Après la réunion, entre le saucisson et les tomates cerises, une militante trouve que François Hollande a fait «deux erreurs. Ne pas avoir dit "Je suis le patron, je vous conduis à la présidentielle". Et ne pas avoir fait marcher la discipline à l’égard de Fabius, au moment du référendum. Les militants avaient tranché pour le oui, il fallait respecter le vote.» Un autre : «Depuis, chacun se sent dépositaire d’une légitimité à exposer ses idées. Je veux bien qu’on s’étripe en interne, mais quand on part au front, on part unanimes». Un autre a peur qu’il y ait «trop de motions».

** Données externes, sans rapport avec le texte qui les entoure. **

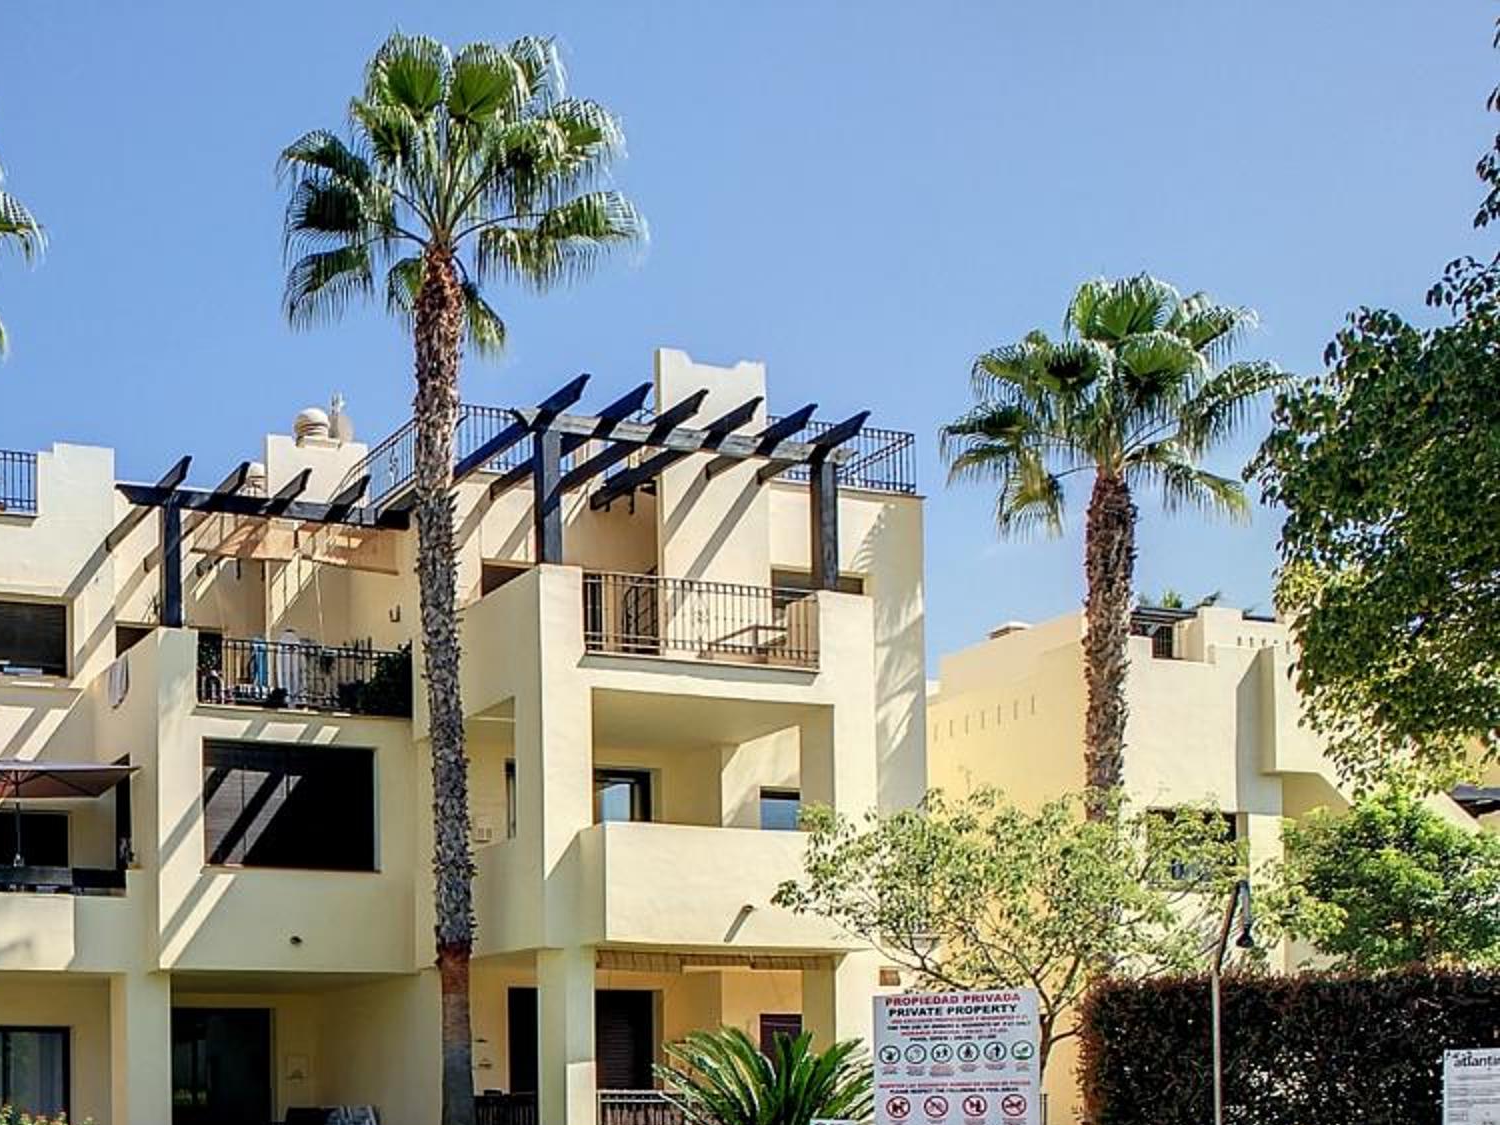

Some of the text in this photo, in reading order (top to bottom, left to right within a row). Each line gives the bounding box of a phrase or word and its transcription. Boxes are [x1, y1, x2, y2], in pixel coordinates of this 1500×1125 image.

Mireille lance un portrait du candidat idéal : «Quelqu’un qui ne change pas d’avis au gré du vent, qui parle collectif, qui connaît tous les rouages, et les difficultés des gens.» Elle pourrait ajouter «avec une frange brune, ancienne ministre des Affaires sociales sous Jospin» qu’on n’y verrait pas moins clair. «Ben oui, c’est quand même une sacré nana. Faut voir ce qu’elle s’est coltinée, quand elle a fait les 35 heures.» Et la colère de Pierre Mauroy contre le rapprochement Aubry-Fabius ? Personne n’a abordé le sujet. «On accorde moins d’importance à ce qu’il dit, il a moins de responsabilités», veut croire une militante.  «C'est une figure historique. Il a moins de poids», ajoute Julien, étudiant. A moins que, échaudé par le «haut de la pyramide», on n’avait pas envie d’en rajouter.